[Opening Listed records section]

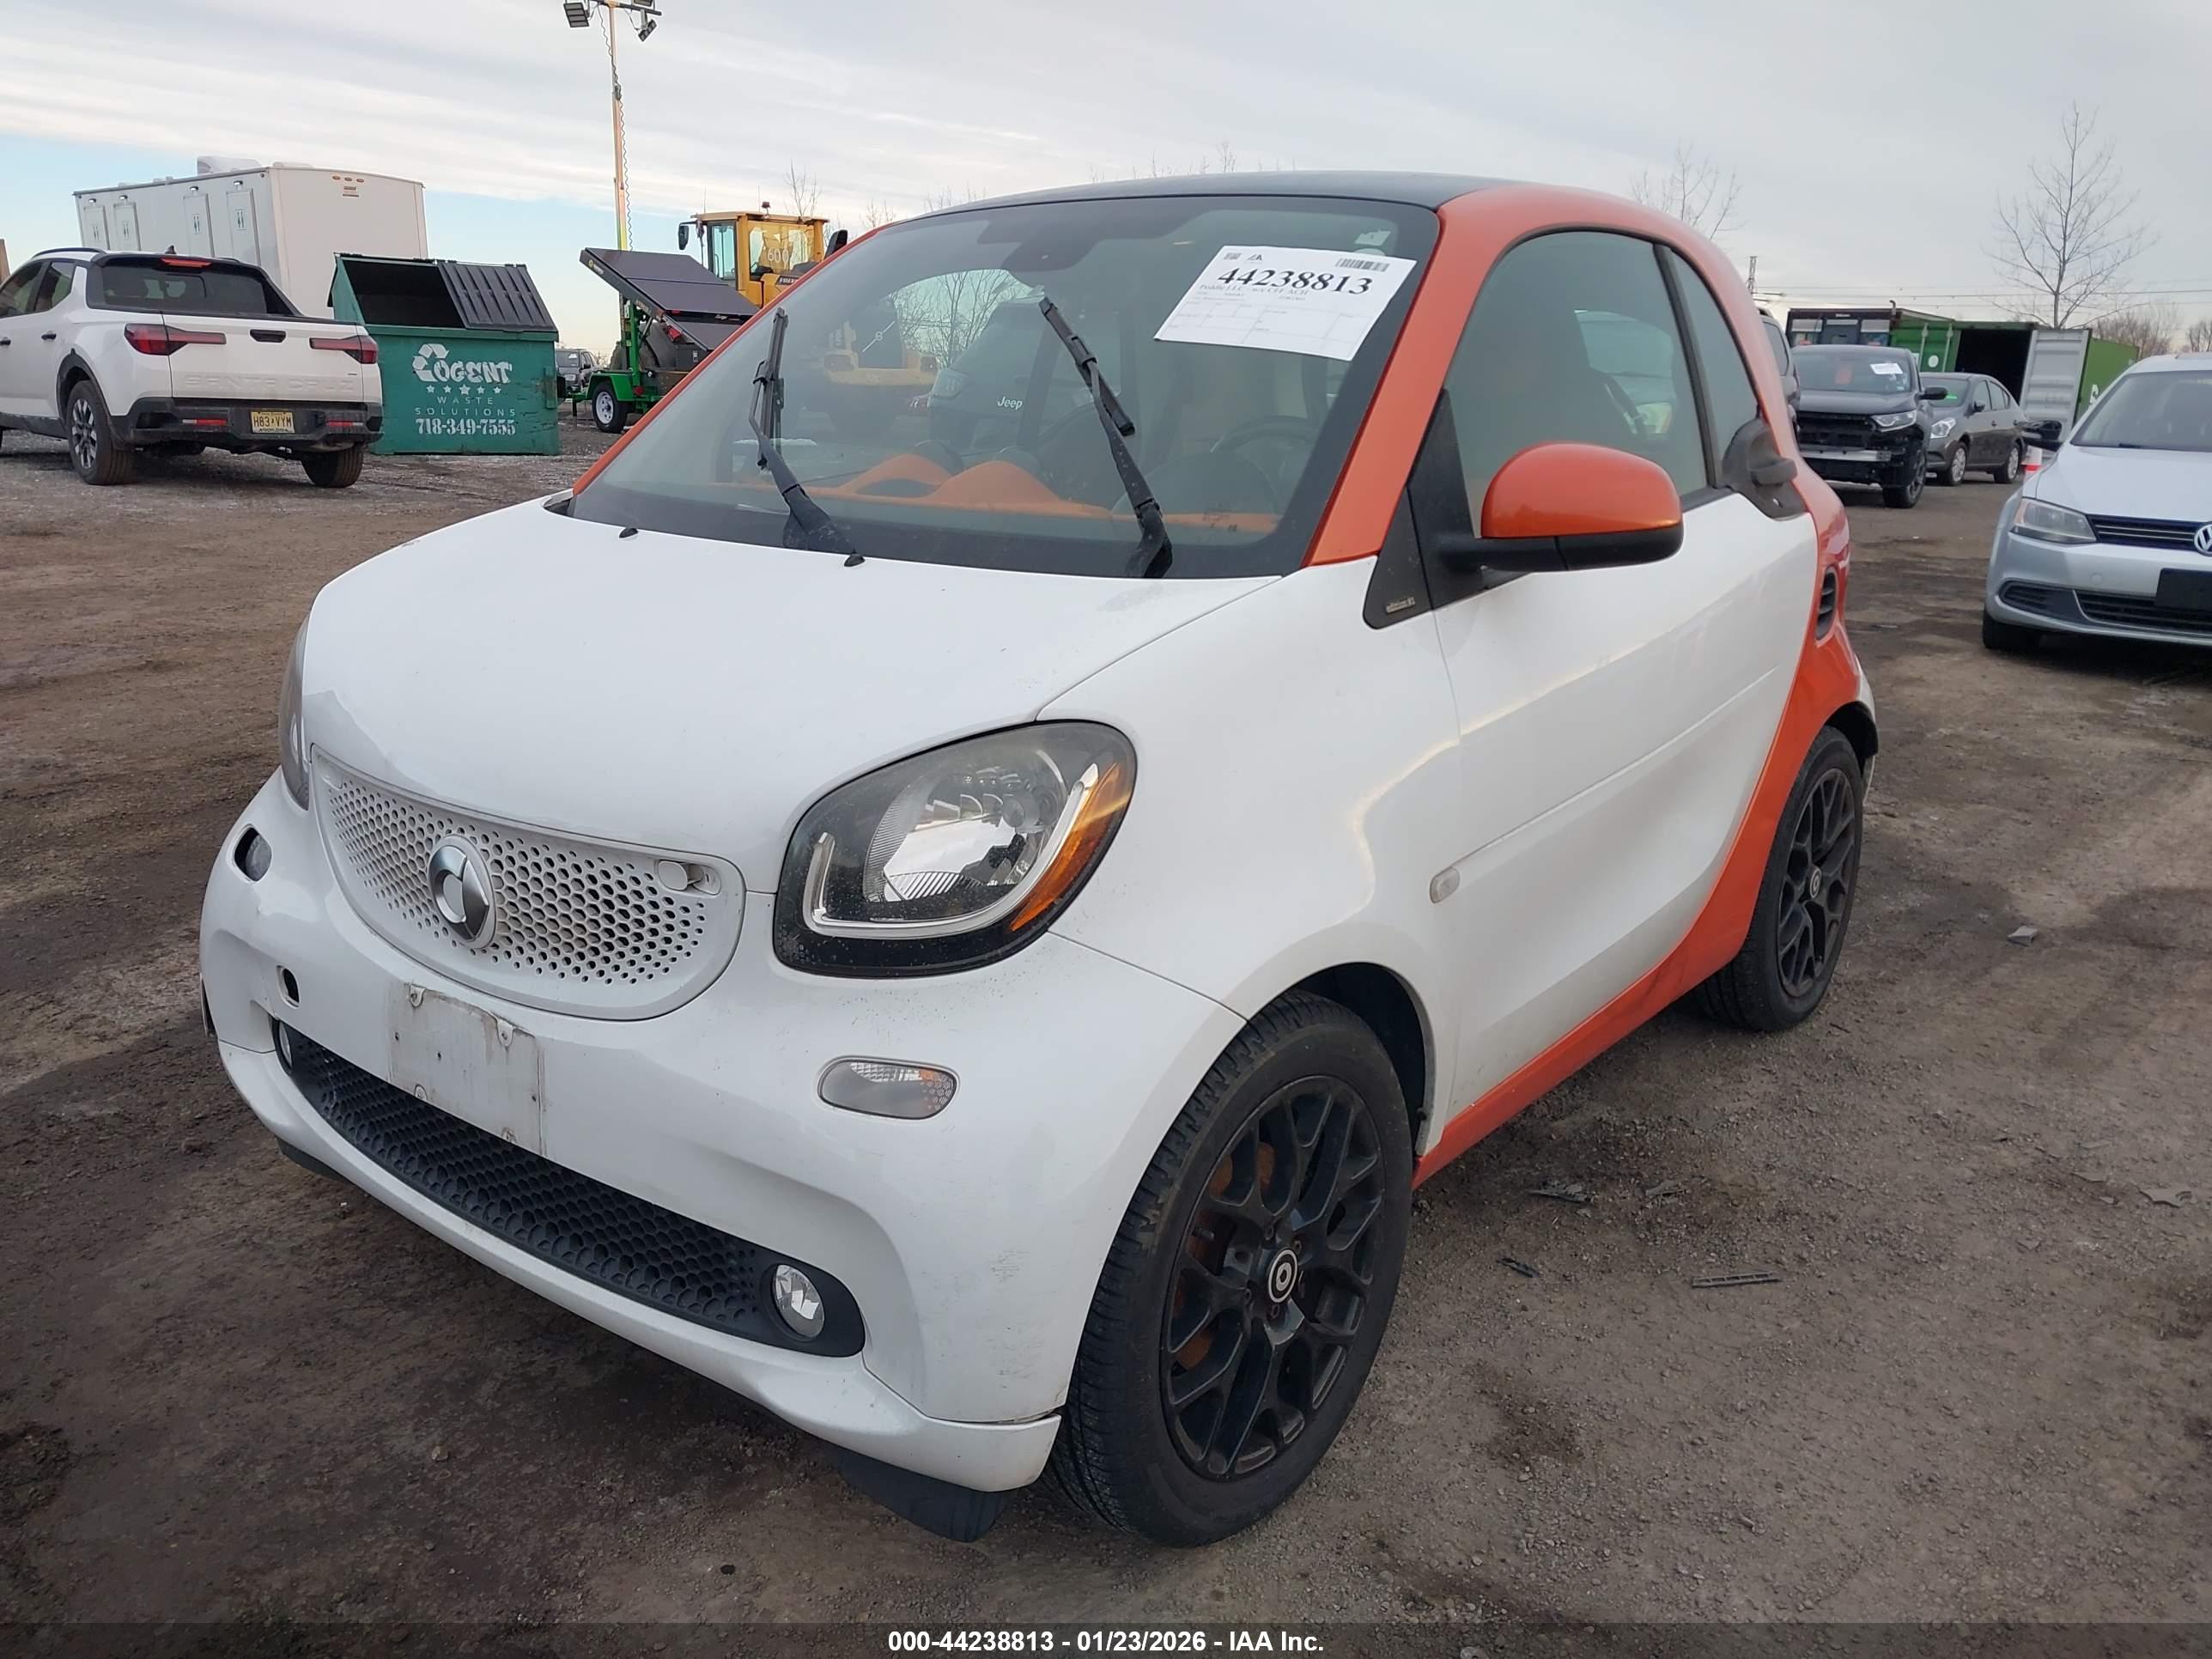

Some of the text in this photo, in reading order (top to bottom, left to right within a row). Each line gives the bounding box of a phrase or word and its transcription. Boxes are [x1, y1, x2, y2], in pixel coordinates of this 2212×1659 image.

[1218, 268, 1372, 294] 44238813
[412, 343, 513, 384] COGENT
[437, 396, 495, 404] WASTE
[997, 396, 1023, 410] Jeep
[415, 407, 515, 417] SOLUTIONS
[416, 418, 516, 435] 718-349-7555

[Closing Listed records section]

◆ **Directions for this task**
Please give the records above again exactly as they stand, with no pictures.

◆ **Answer box**
Some of the text in this photo, in reading order (top to bottom, left to right within a row). Each line gives the bounding box of a phrase or word and its transcription. Boxes are [x1, y1, x2, y2], in pixel coordinates of this 2212×1659 image.

[1218, 268, 1372, 294] 44238813
[412, 343, 513, 384] COGENT
[437, 396, 495, 404] WASTE
[997, 396, 1023, 410] Jeep
[415, 407, 515, 417] SOLUTIONS
[416, 418, 516, 435] 718-349-7555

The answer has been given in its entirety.